The new program, Start IT, offers the opportunity to earn a master of science in computing over the course of two years. It focuses specifically on health care information technology, and Marquette is partnering with area health care employers such as Aurora Health Care and Froedtert Memorial Lutheran Hospital to provide this new opportunity.
Start IT addresses a skills gap in the field of health care information technology, providing a direct path for people to pursue a career where quality employees are in demand.
"There's a very strongly identified skills gap across the nation in health care IT," said Thomas Kaczmarek, director of the Master of Science in Computing program, who started the program.
Start IT also offers an opportunity for people who have earned a Bachelor's degree, but may be unemployed, to change careers.
"Adult education and career transition is something there isn't a whole lot of," said Kaczmarek. "There aren't many programs really attuned to helping people make the decision to (change careers). This is an important way to look at it that's pretty unique."
To get this unique program started, Kaczmarek identified the availability of state and federal funding specifically aimed at helping people move into careers in health care information and technology. State funding comes from the state's Workforce Investment Act (WIA), which provides up to $7,000 per year in job training assistance for the unemployed for those who qualify.
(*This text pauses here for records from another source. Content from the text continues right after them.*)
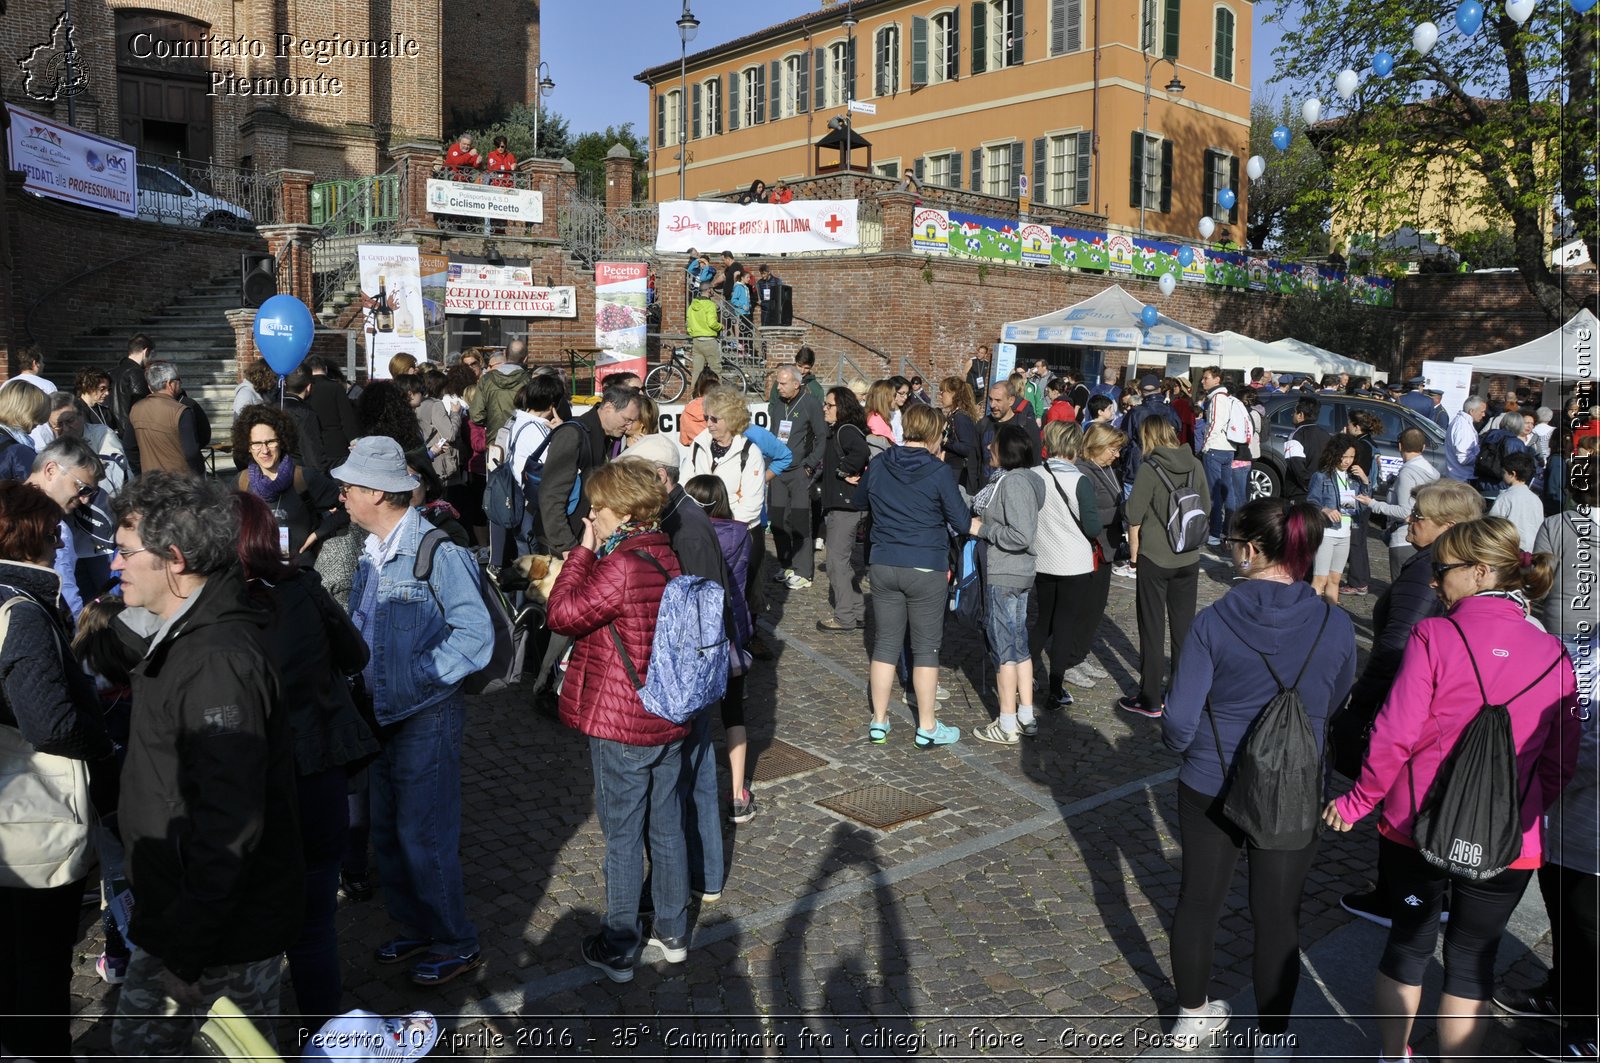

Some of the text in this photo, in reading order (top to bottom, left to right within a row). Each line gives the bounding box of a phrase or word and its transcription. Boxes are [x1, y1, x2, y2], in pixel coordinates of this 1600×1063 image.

[40, 145, 48, 154] di
[17, 162, 54, 184] AFFIDATI
[55, 174, 67, 188] alla
[459, 192, 491, 202] Polisportiva
[450, 198, 520, 213] Ciclismo Pecetto
[672, 215, 691, 229] 30
[707, 221, 737, 236] CROCE
[739, 220, 769, 235] ROSSA
[772, 218, 810, 234] ITALIANA
[914, 210, 947, 230] TAPPOROSSO
[603, 265, 640, 276] Pecetto
[445, 287, 550, 300] ECETTO TORINESE
[444, 300, 555, 311] PAESE DELLE CILIEGE
[1449, 838, 1483, 867] ABC
Federal funding, also at $7,000 per year in assistance for those who qualify, comes from the CareerWorks Healthcare Training Institute (HTI), located at 334 W. Brown St. in Milwaukee. CareerWorks is an organization that helps provide education and training in the health care field. HTI started in May, 2011, after the Milwaukee Area Workforce Investment Board received a $3.4 million Health Professions Opportunity Grant (HPOC) funded by the Patient Protection and Affordable Care Act.
Kaczmarek worked directly with the Institute to get Start IT off the ground, holding an open house there in November, 2012, where the program's first students were recruited. HTI director Linda Jaskowiak is optimistic about the new program.
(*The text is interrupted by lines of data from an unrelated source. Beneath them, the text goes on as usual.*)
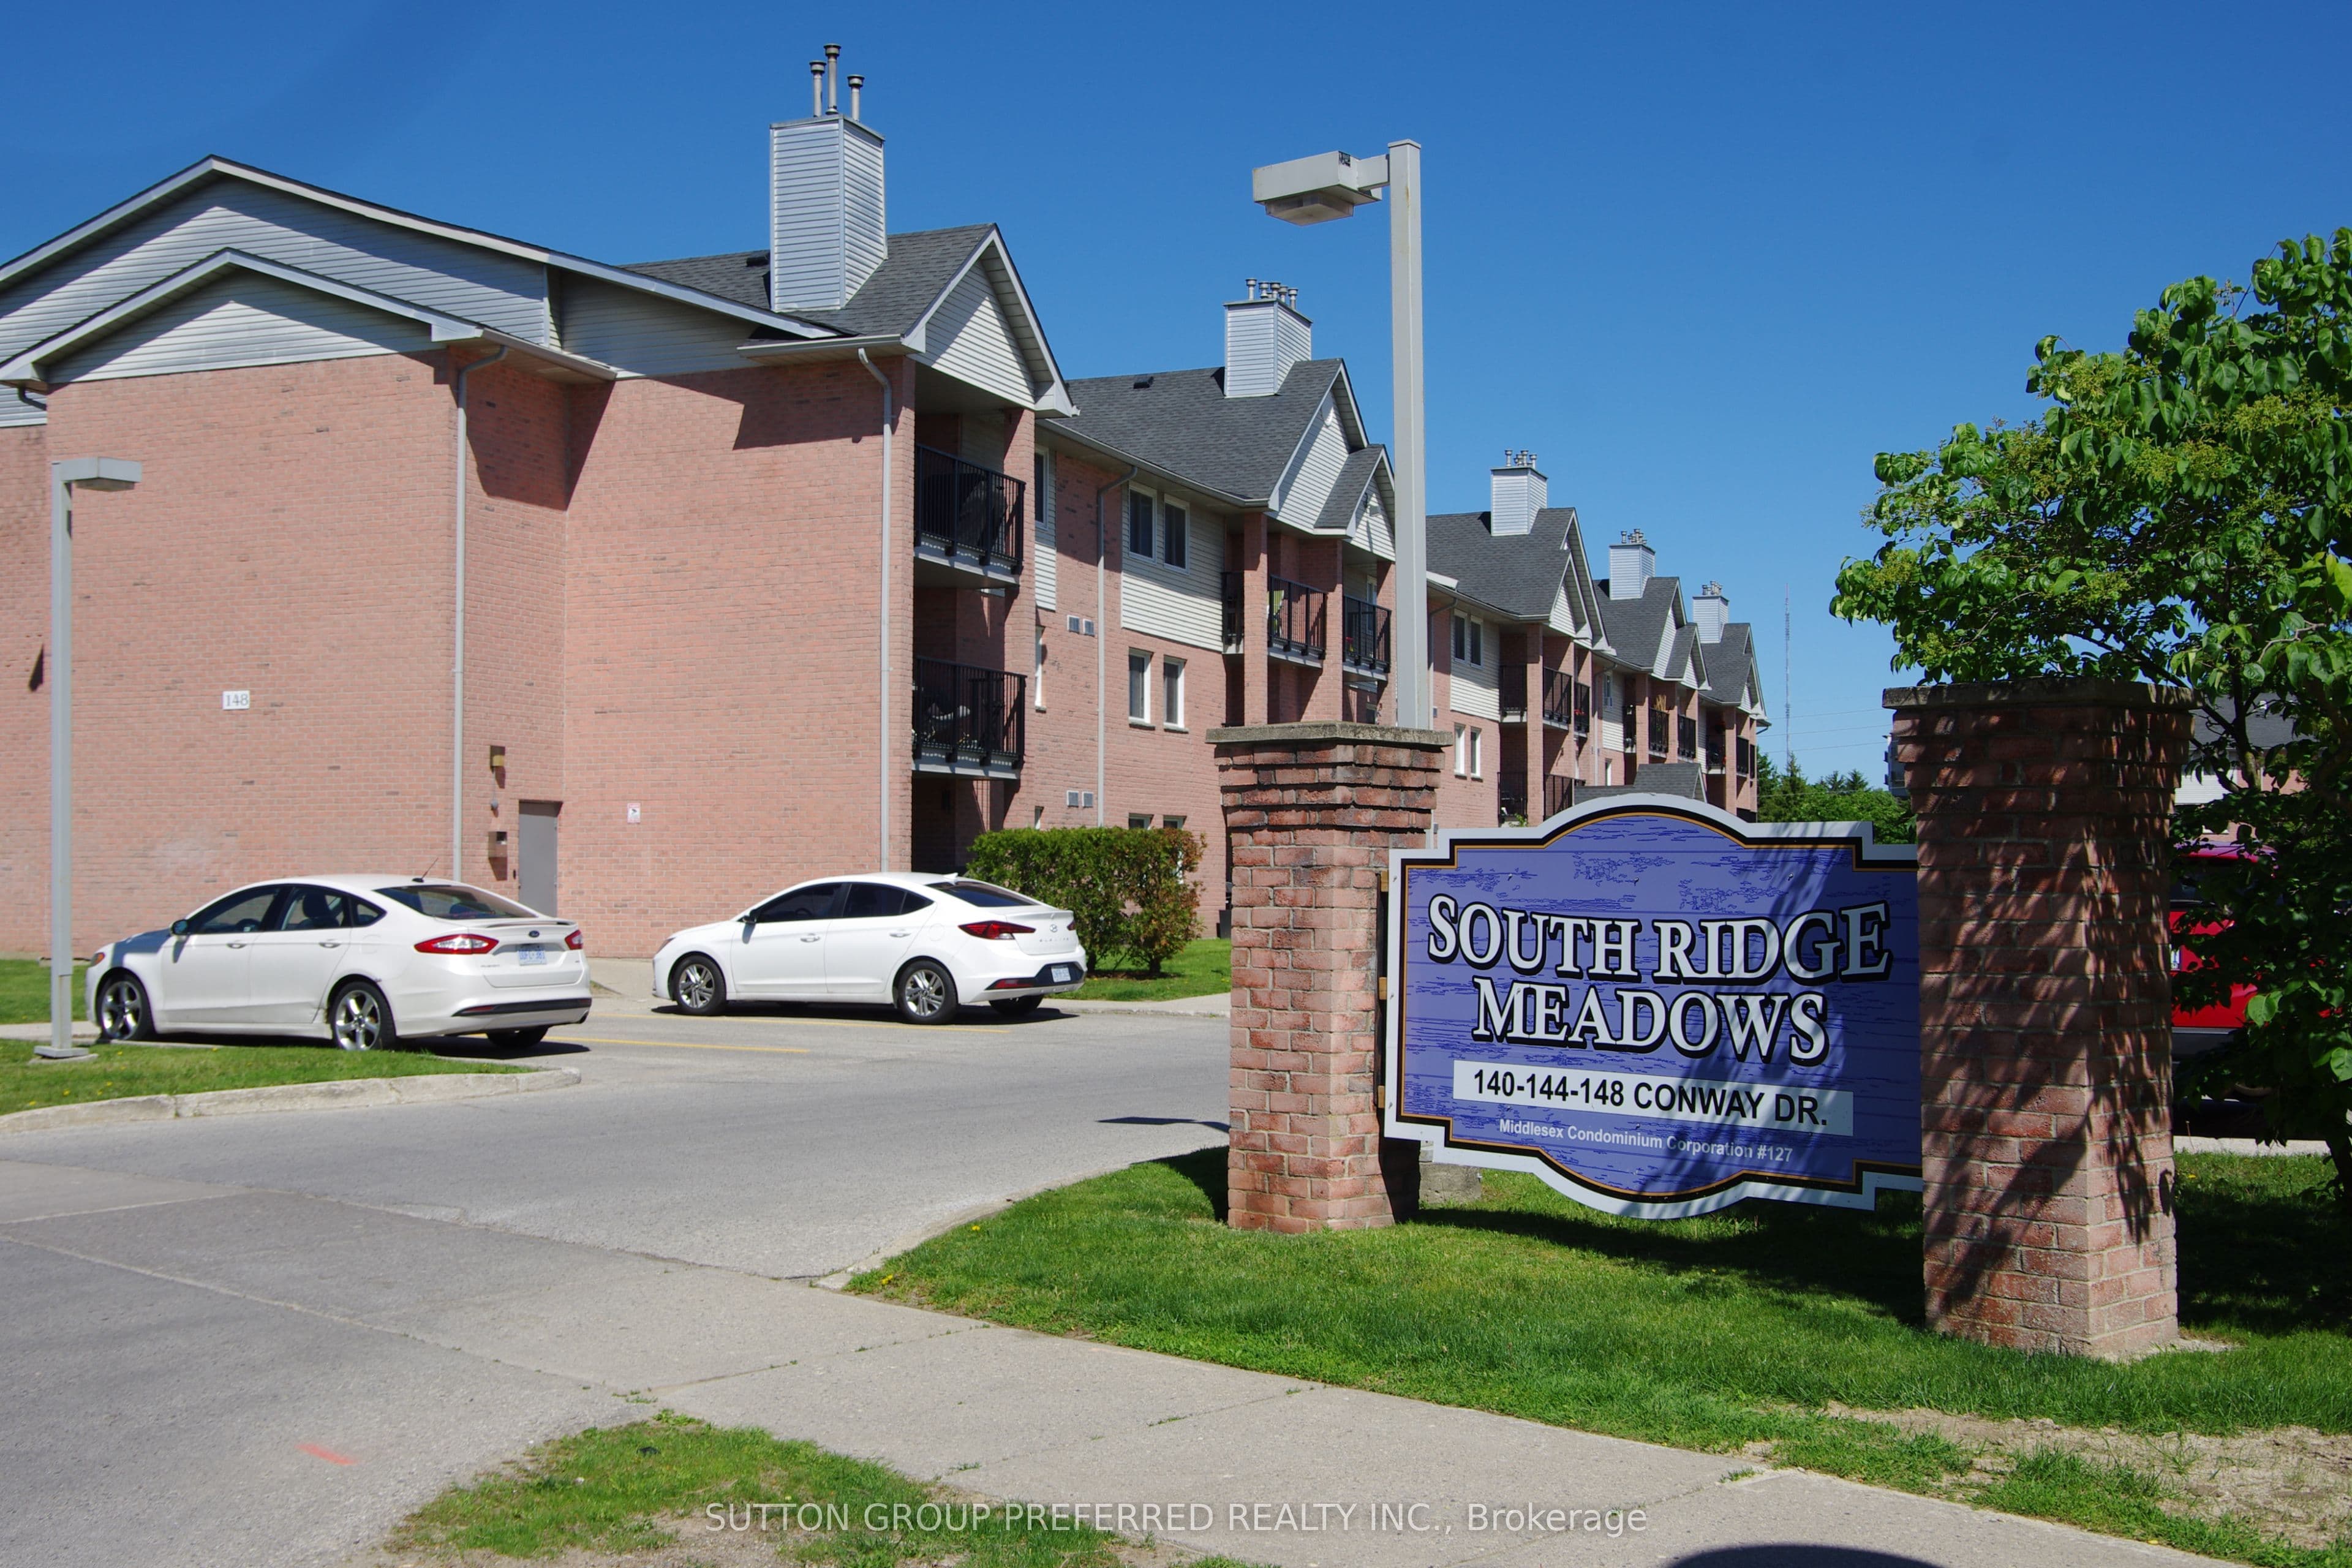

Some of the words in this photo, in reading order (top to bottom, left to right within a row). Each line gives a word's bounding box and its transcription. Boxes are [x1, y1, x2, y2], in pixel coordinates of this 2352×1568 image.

[225, 693, 249, 706] 148
[1428, 893, 1642, 982] SOUTH
[1652, 900, 1893, 986] RIDGE
[1471, 975, 1830, 1066] MEADOWS
[1474, 1069, 1624, 1107] 140-144-148
[1634, 1082, 1765, 1119] CONWAY
[1774, 1093, 1827, 1126] DR.
[1499, 1118, 1564, 1139] Middlesex
[1567, 1125, 1663, 1149] Condominium
[1666, 1135, 1753, 1158] Corporation
[1757, 1144, 1793, 1163] #127
"Health care systems are clamoring for this type of credentialed employee and they can make really good money at the end of the program," she said. "There's so much expertise needed in this area."
Expertise is not only provided by Marquette University and the Healthcare Training Institute, but also by health care professionals in the area. By working with Aurora and Froedtert, the program offers real world experience in the form of part-time work and internships. Students in the Start IT program will work directly with these employers, as a minimum of six credits of work experience is a requirement of the program.
"I proposed that the company that was going to offer the internship should also provide part-time employment while they're in school full time," said Kaczmarek. "And they loved the idea and joined in on it because they think it's a great way to introduce people gradually to what they need to know to succeed in health care."
Bob DeGrand, vice president and chief information officer at Froedtert Health, agrees. He said they were immediately interested in the program since it offered an opportunity to not only work directly with Marquette University, but also bring potential long-term employees through the program.
"If we get an intern in here before graduation, we get to understand the attitude and perspective of that person and whether they understand the health care environment," he said. "I think that's very important."
Health care professionals will also be resources to the program, teaching classes and helping structure curriculum. Compared to other career paths in information technology, having a health care-specific skillset is a big plus for job seekers in the industry.
"The health care industry, probably more than any other IT field, seems to only want people with experience in health care," said Kaczmarek. "Other organizations are OK with transplanting people, it seems, more so than in the health care industry."
DeGrand agreed, saying new employees and new leaders "can't consider themselves to be in the business of IT, they have to be in the business of health care."
Beyond learning practical skills currently applied by health care providers, the program takes a forward-thinking approach to anticipate the skills that will be utilized down the road.
"What we try to do in a graduate program like this is teach people how to anticipate where this is going to go and what is the next thing," said Kaczmarek. "A program like ours really prepares people for a longer term career in information technology that's focused on health care."
Start IT's pilot program, currently with five students, began this year at the start of Marquette's spring semester with what's being called a "Boot Camp." In the "Boot Camp," students meet with Kaczmarek on a daily basis to learn basic concepts and skills in information technology. By working with CareerWorks and the MAWIB, "Boot Camp" is no cost to veterans and the long-term unemployed.
"Boot Camp" is followed by a full year of full-time study, which is then followed by work experience directly in health care. For students currently in "Boot Camp," internships will take place in the summer of 2014. One final semester is scheduled in the fall of 2014, and students will graduate in December. Kaczmarek is aiming to start a second boot camp this summer and is hoping to find veterans to join the program.